Where the data below shows a picture, leave that picture out and copy the rest exactly.

[Data supplied Boundary: Start]

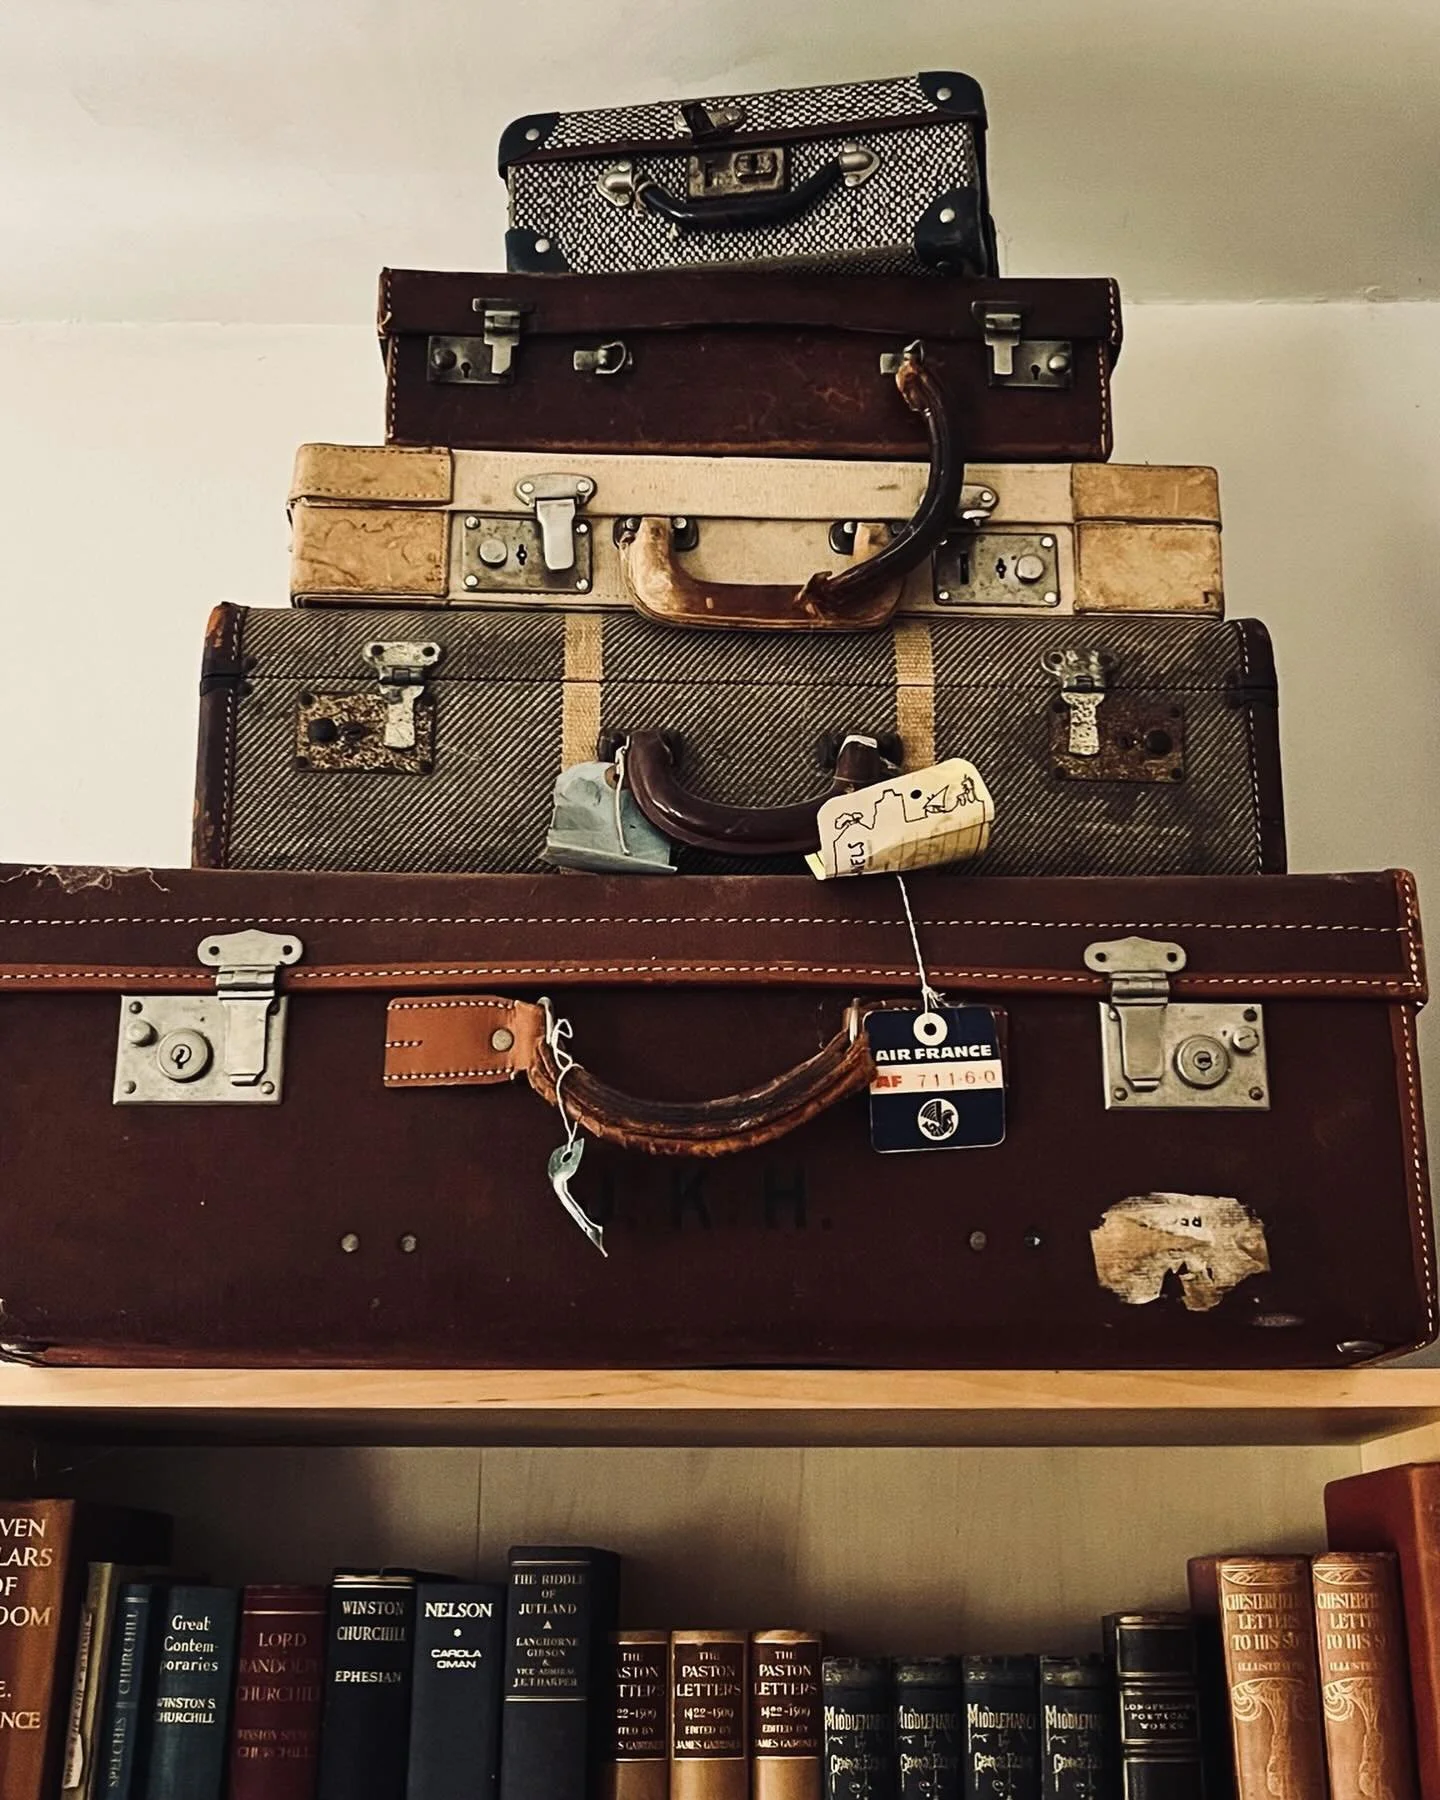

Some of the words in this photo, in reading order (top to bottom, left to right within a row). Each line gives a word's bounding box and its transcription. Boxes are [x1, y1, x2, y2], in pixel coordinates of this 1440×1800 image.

[847, 841, 866, 873] ELS
[876, 1048, 911, 1061] AIR
[915, 1045, 992, 1059] FRANCE
[876, 1075, 902, 1088] AF
[513, 1573, 536, 1585] THE
[541, 1573, 585, 1585] RIDDLE
[0, 1577, 18, 1597] F
[541, 1589, 556, 1599] OF
[342, 1600, 404, 1615] WINSTON
[425, 1602, 494, 1618] NELSON
[518, 1602, 577, 1615] JUTLAND
[172, 1614, 211, 1631] Great
[258, 1632, 307, 1648] LORD
[336, 1626, 405, 1642] CHURCHILL
[1326, 1633, 1342, 1650] TO
[1346, 1633, 1369, 1650] HIS
[164, 1635, 219, 1653] Contem-
[1232, 1634, 1251, 1650] TO
[1254, 1634, 1279, 1650] HIS
[431, 1649, 482, 1658] CAROLA
[160, 1656, 219, 1674] poraries
[436, 1660, 476, 1669] OMAN
[682, 1664, 735, 1678] PASTON
[759, 1664, 811, 1677] PASTON
[334, 1671, 401, 1683] EPHESIAN
[616, 1683, 664, 1698] TTERS
[676, 1683, 741, 1697] LETTERS
[754, 1682, 817, 1696] LETTERS
[109, 1717, 126, 1787] SPEECHES
[119, 1609, 139, 1695] CHURCHILL
[1130, 1712, 1189, 1720] POETICAL
[1139, 1722, 1184, 1730] WORKS
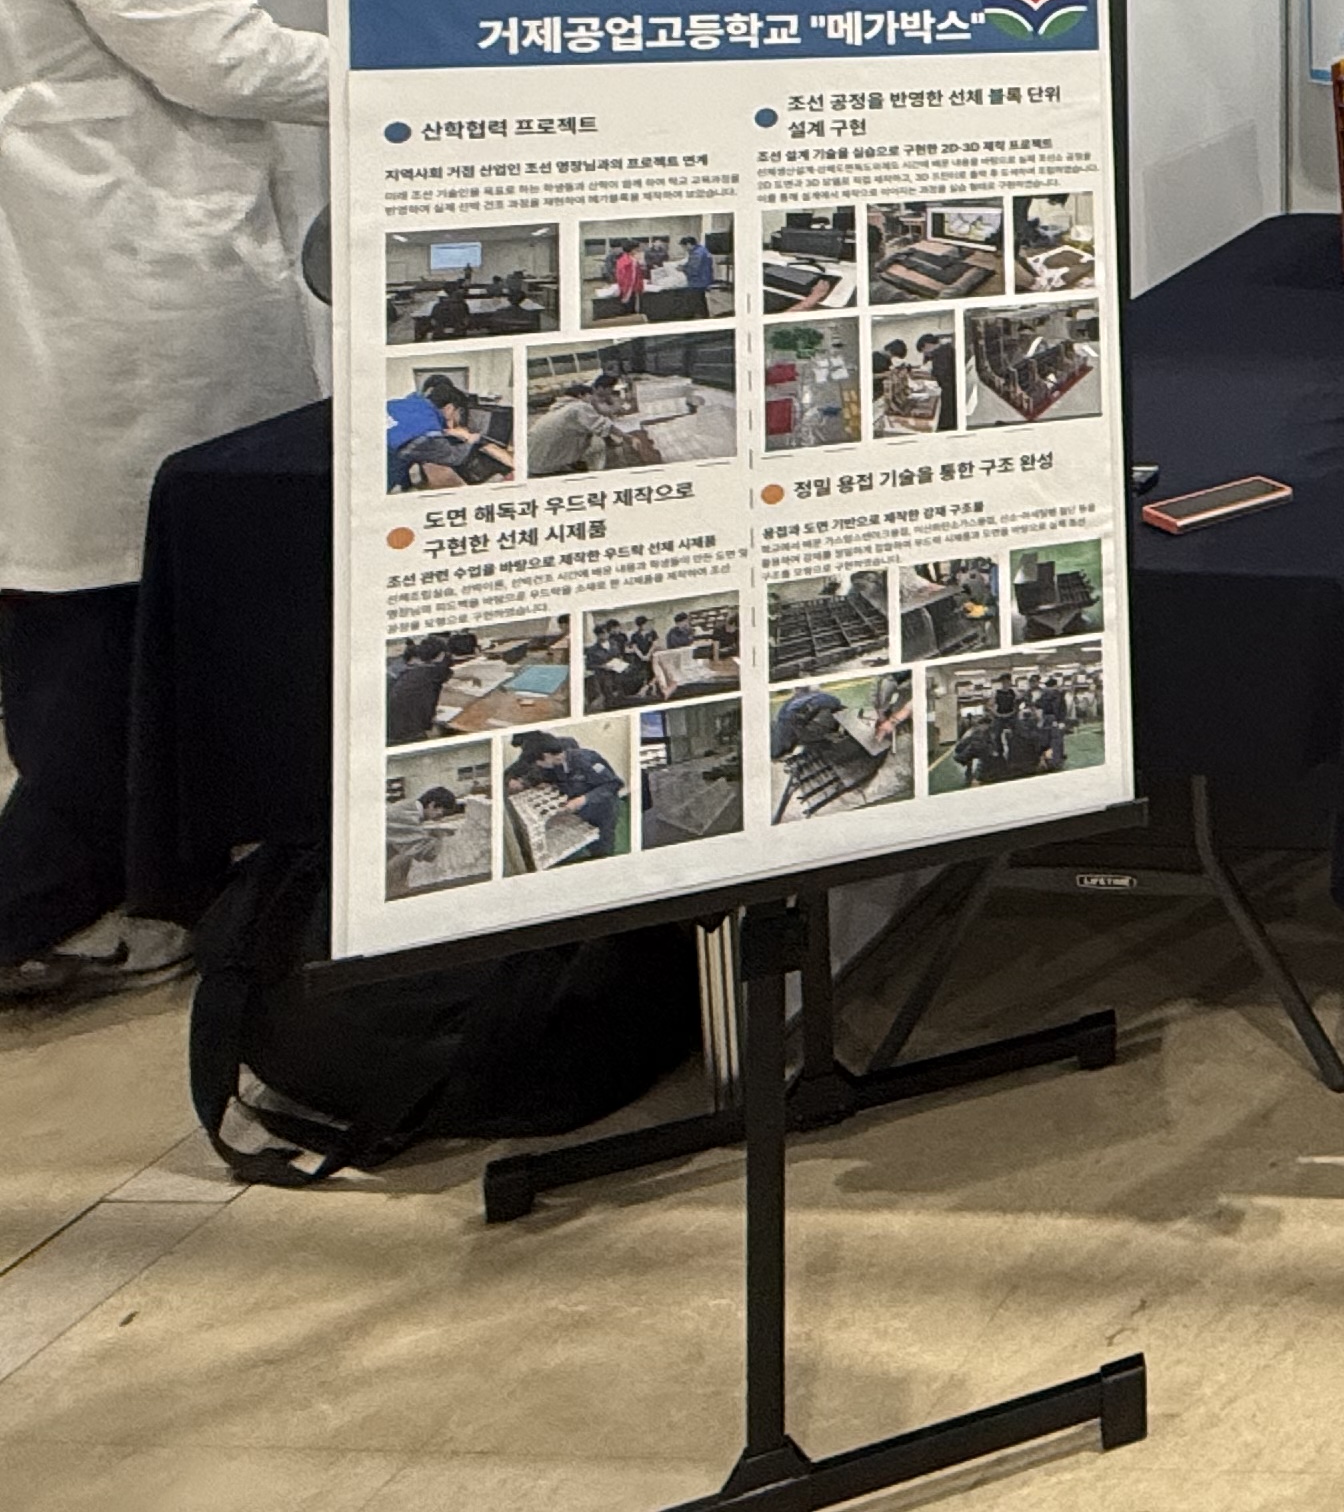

[Data supplied Boundary: End]

**Output below:**
Some of the words in this photo, in reading order (top to bottom, left to right within a row). Each line gives a word's bounding box and its transcription. Boxes are [x1, y1, x2, y2], in pixel coordinates of this 1440×1800 image.

[847, 841, 866, 873] ELS
[876, 1048, 911, 1061] AIR
[915, 1045, 992, 1059] FRANCE
[876, 1075, 902, 1088] AF
[513, 1573, 536, 1585] THE
[541, 1573, 585, 1585] RIDDLE
[0, 1577, 18, 1597] F
[541, 1589, 556, 1599] OF
[342, 1600, 404, 1615] WINSTON
[425, 1602, 494, 1618] NELSON
[518, 1602, 577, 1615] JUTLAND
[172, 1614, 211, 1631] Great
[258, 1632, 307, 1648] LORD
[336, 1626, 405, 1642] CHURCHILL
[1326, 1633, 1342, 1650] TO
[1346, 1633, 1369, 1650] HIS
[164, 1635, 219, 1653] Contem-
[1232, 1634, 1251, 1650] TO
[1254, 1634, 1279, 1650] HIS
[431, 1649, 482, 1658] CAROLA
[160, 1656, 219, 1674] poraries
[436, 1660, 476, 1669] OMAN
[682, 1664, 735, 1678] PASTON
[759, 1664, 811, 1677] PASTON
[334, 1671, 401, 1683] EPHESIAN
[616, 1683, 664, 1698] TTERS
[676, 1683, 741, 1697] LETTERS
[754, 1682, 817, 1696] LETTERS
[109, 1717, 126, 1787] SPEECHES
[119, 1609, 139, 1695] CHURCHILL
[1130, 1712, 1189, 1720] POETICAL
[1139, 1722, 1184, 1730] WORKS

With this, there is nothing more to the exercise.